NINETY BOILERMAKERS EMPLOYED at the NASSCO shipyard in San Diego stand to be reimbursed $212,405 for back wages and will see lost benefits restored following a November 30 decision by a state court of appeals affirming a trial court’s ruling that the company violated California’s WARN Act.

WARN stands for Workers Adjustment and Retraining Notification. The act seeks to protect workers from being laid off without advance warning so they can adjust for a loss of income and related disruptions.

The Boilermakers and several individual Local 1998 members sued NASSCO after the company laid off workers in March 2014 for three to five weeks without the 60-day notice required under the state law. In fact, workers were told of the immediate layoffs on the same day they showed up at the shipyard for their regular shifts. The workers found themselves suddenly without wages and also failed to earn vacation pay or service credit for pension benefits. And they initially were charged for their own health care obligations (although later reimbursed).

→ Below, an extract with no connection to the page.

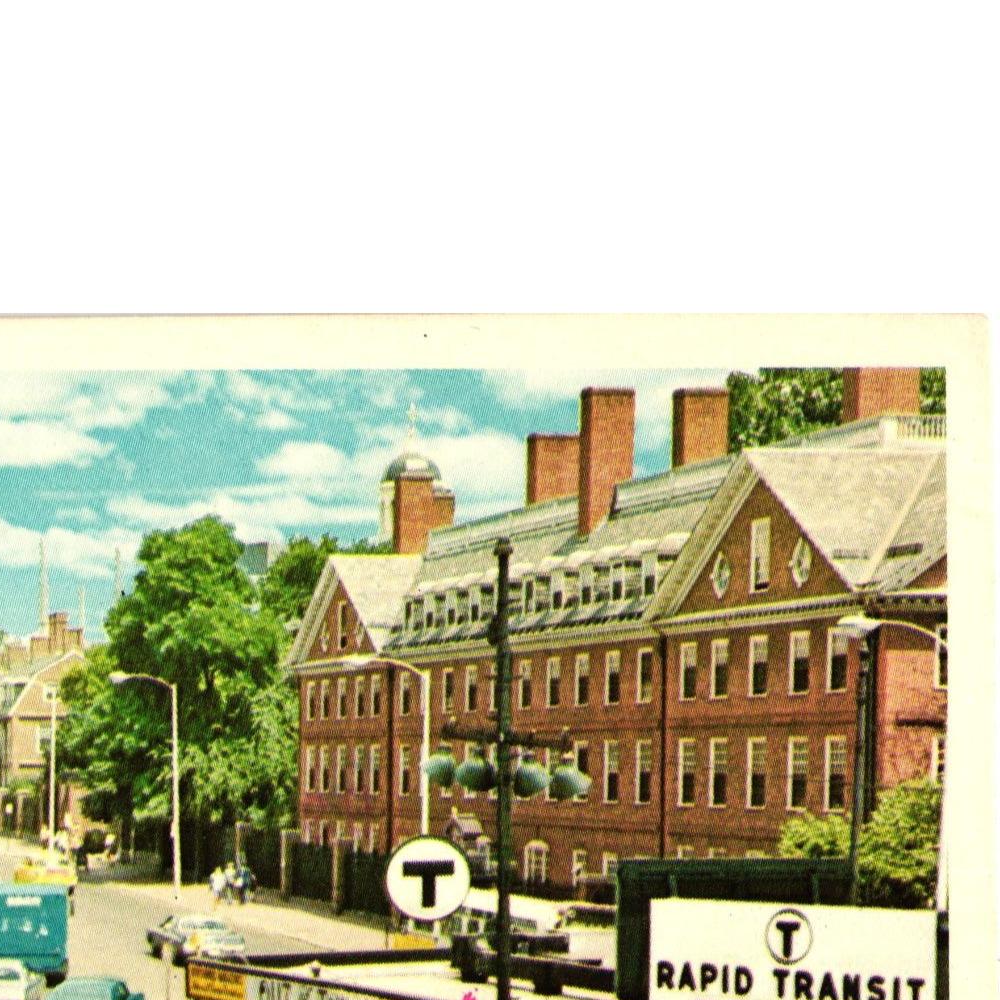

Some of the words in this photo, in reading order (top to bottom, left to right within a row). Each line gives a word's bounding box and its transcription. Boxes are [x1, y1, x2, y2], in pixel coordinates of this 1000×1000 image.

In affirming the trial court’s (Superior Court of San Diego County) decision, the Court of Appeal, Fourth Appellate District Division rejected NASSCO’s attempt to tie provisions of the federal WARN law, enacted in 1988, to the state law requirements. The court wrote “…the California Legislature enacted its own version (the California WARN Act), believing the federal law was ineffective in various respects and seeking to [supplement] the law to provide stronger worker protections.”

Boilermakers’ Executive Director for Industrial Sector Operations Tyler Brown called the appeals court affirmation “an important judicial interpretation of the California WARN Act that will help ensure our Local 1998 members and other workers throughout the state are given fair notice before being laid off, so they can make important life decisions about paying their bills and taking care of their families.”

In addition to affirming back wages and restored benefits, the appeals court upheld the lower court ruling that NASSCO pay “interest, costs, and attorney fees.”

Supporting NASSCO as “friends of the court” petitioners were the U.S. Chamber of Commerce, the National Association of Manufacturers and similar state-based organizations.